Se trata de un lavado de cerebro cuya frecuencia e intensidad es digna de los niveles descritos por Huxley. Y esto no debe de sorprendernos porque las autoridades disponen por ley de 48 minutos diarios en cada canal de televisión y una hora cinco minutos en cada estación de radio. En promedio se difunden dos spots por minuto; eso significa que cada cadena de radio emite 130 anuncios al día y cada cadena de televisión exhibe 96 spots diarios (sin contar el tiempo que compran las autoridades para anunciarse).
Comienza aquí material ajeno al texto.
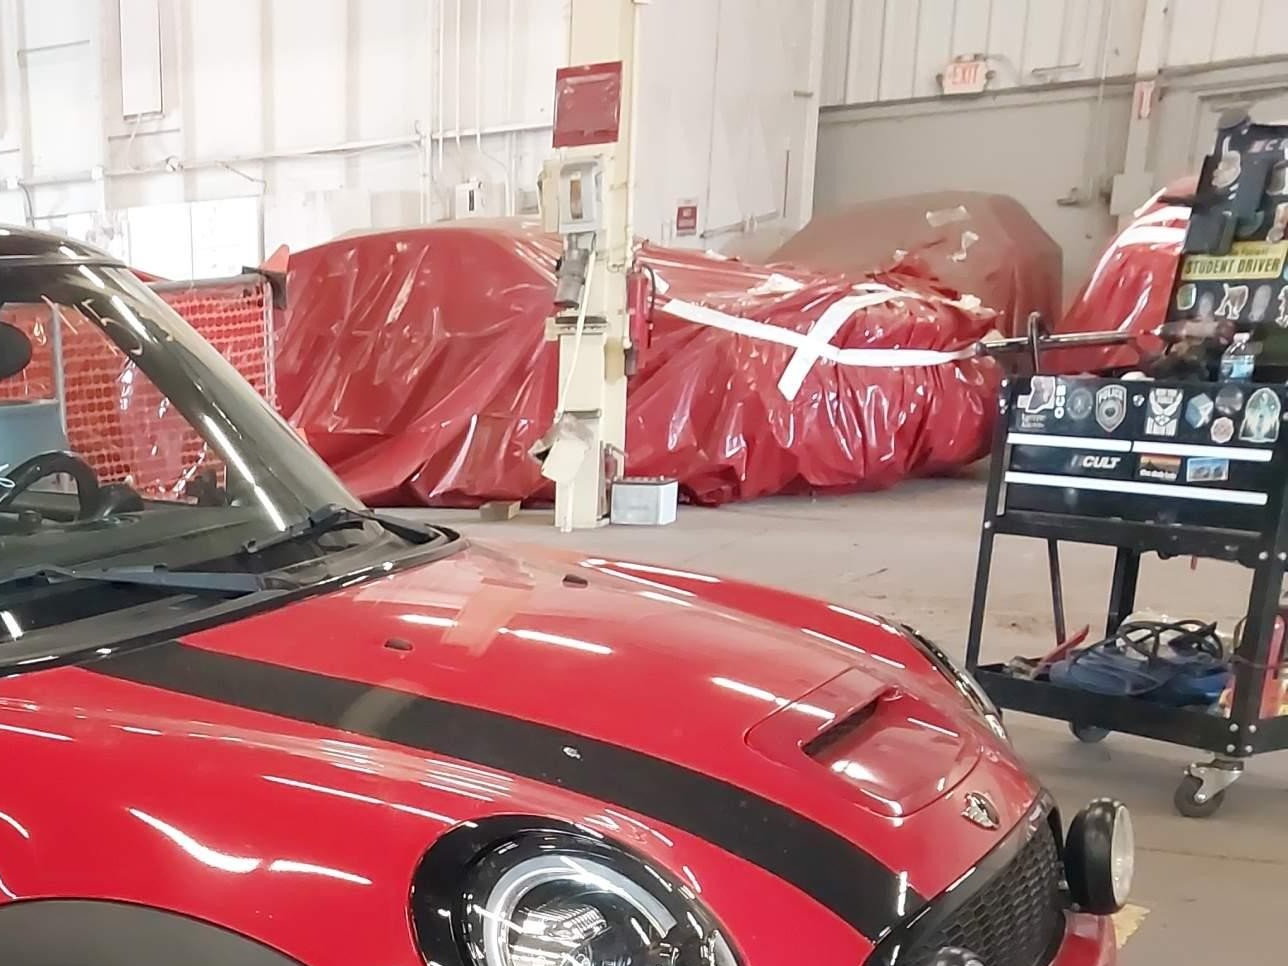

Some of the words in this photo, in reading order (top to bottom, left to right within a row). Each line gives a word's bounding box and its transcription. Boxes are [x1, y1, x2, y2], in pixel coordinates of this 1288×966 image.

Estas cifras son suficientes para rebasar los niveles del adoctrinamiento de Un Mundo Feliz.

 

Vale la pena preguntarse entonces qué poder tiene la repetición de estos anuncios sobre nuestra mente: ¿en verdad el bombardeo de spots aniquila nuestra capacidad de reflexión y análisis sobre lo que está pasando en el país? ¿En verdad nos convencen? ¿Por qué necesitan repetir y repetir que están haciendo su trabajo?

 

Ahora, el problema no es tanto de la cantidad de los anuncios sino de su calidad. ¿No creen que en lugar de contarnos cuentos costosos las autoridades tendrían que informarnos sobre nuestros derechos a través de la publicidad? ¡Qué bueno que estén trabajando para nosotros! Digo, para eso se les paga con recursos públicos y para eso hemos votado por ellos. No somos unos niños, no necesitamos ya de gobiernos paternalistas. Queremos información, datos, hechos.

 

Otro asunto de alarma son los presupuestos para este “adoctrinamiento”. Para darnos un ejemplo, en 2010, el Poder Ejecutivo gastó 4,720.4 millones de pesos en Comunicación Social y Publicidad; y según cifras del Proyecto de Presupuesto de Egresos de la Federación, para 2012 planea gastarse 2,108.5 mdp (suficientes para construir dos hospitales de especialidades en las zonas más marginadas del país).

 

Finalmente, ¿saben para qué adoctrinaban a los niños de Un Mundo Feliz? Para que justamente fueran felices y no preguntaran ni pidieran cuentas como adultos. “Las personas son felices; obtienen lo que quieren y no quieren jamás lo que no pueden obtener […]. Ellas están condicionadas de tal manera que, prácticamente, ellas solo pueden portarse como se debe.” Déjenme colocar un último dato para acabar de convencerlos y terminar felizmente esta columna: México, según la Base de Datos Mundial de la Felicidad, era el séptimo país más feliz del mundo en 2010. ¿Habría entonces que exorcizar “la felicidad” en México?